* _PROBLEM DESCRIPTION_: Everything in the records below should be printed exactly, except the pictures.

* _INFORMATION SHOWN_:
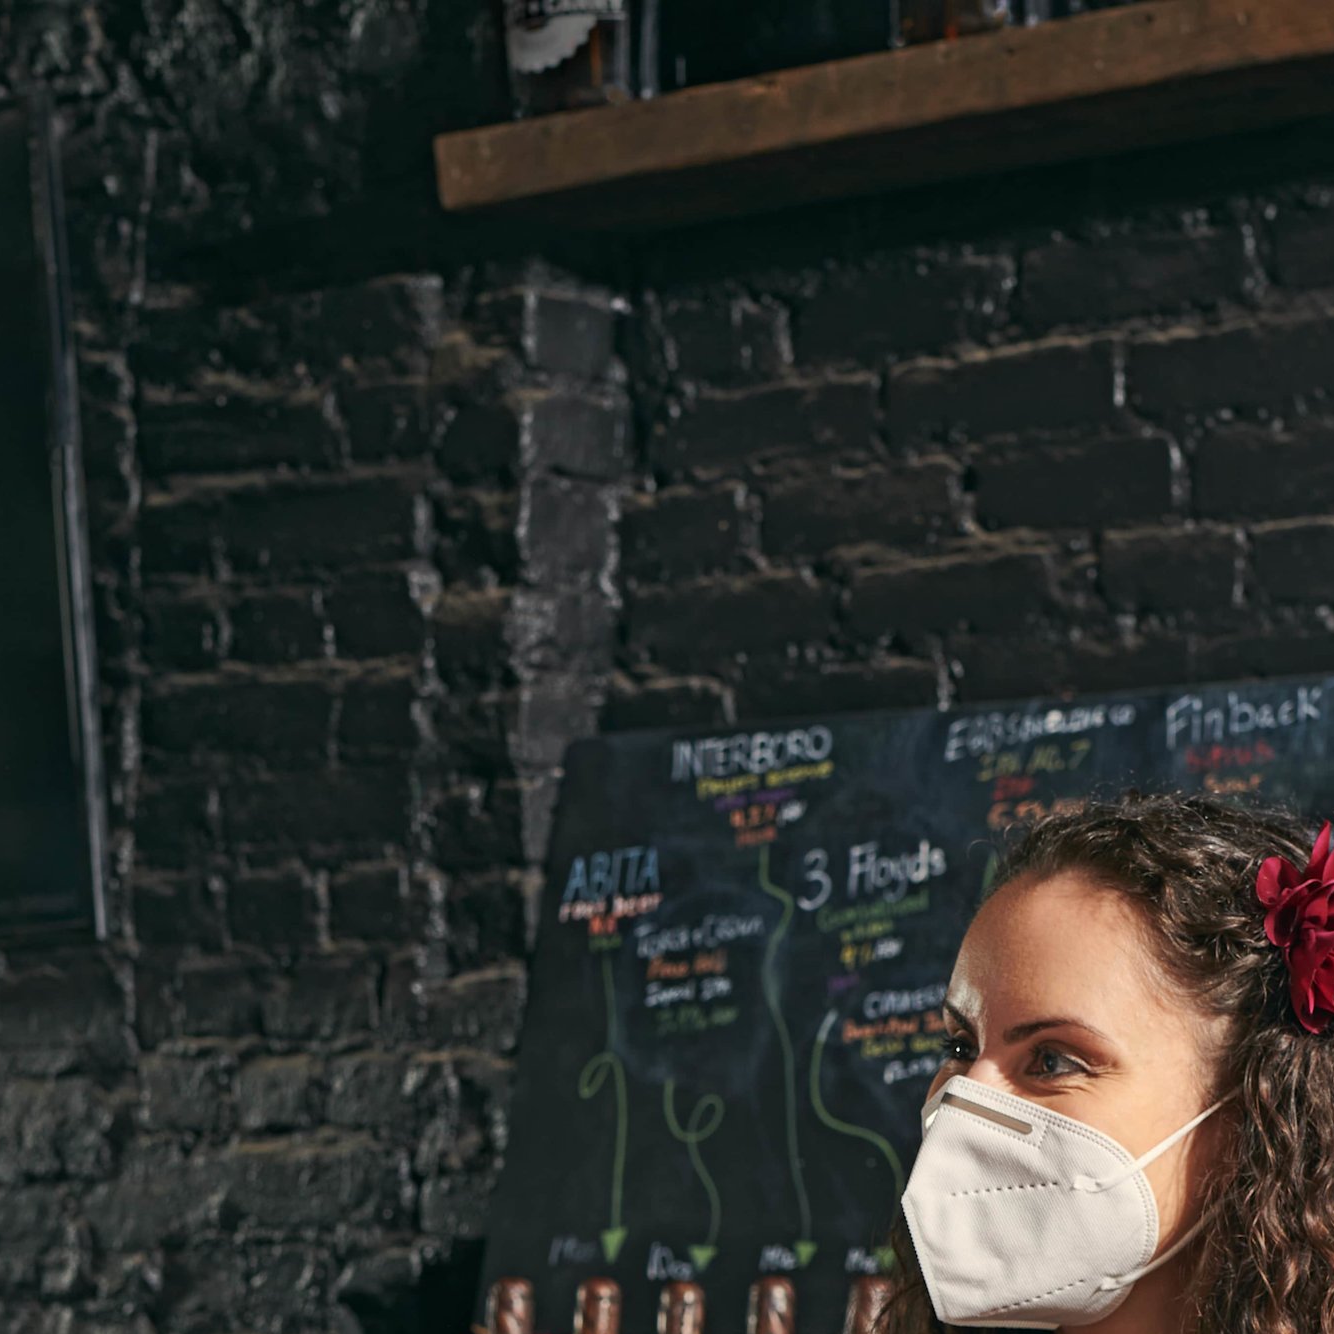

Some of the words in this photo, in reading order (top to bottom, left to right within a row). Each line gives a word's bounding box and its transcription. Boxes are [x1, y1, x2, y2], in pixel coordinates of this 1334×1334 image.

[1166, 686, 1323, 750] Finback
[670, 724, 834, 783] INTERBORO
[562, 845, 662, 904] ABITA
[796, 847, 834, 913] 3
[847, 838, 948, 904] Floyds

* _EXPECTED ANSWER_:
Some of the words in this photo, in reading order (top to bottom, left to right within a row). Each line gives a word's bounding box and its transcription. Boxes are [x1, y1, x2, y2], in pixel coordinates of this 1334×1334 image.

[1166, 686, 1323, 750] Finback
[670, 724, 834, 783] INTERBORO
[562, 845, 662, 904] ABITA
[796, 847, 834, 913] 3
[847, 838, 948, 904] Floyds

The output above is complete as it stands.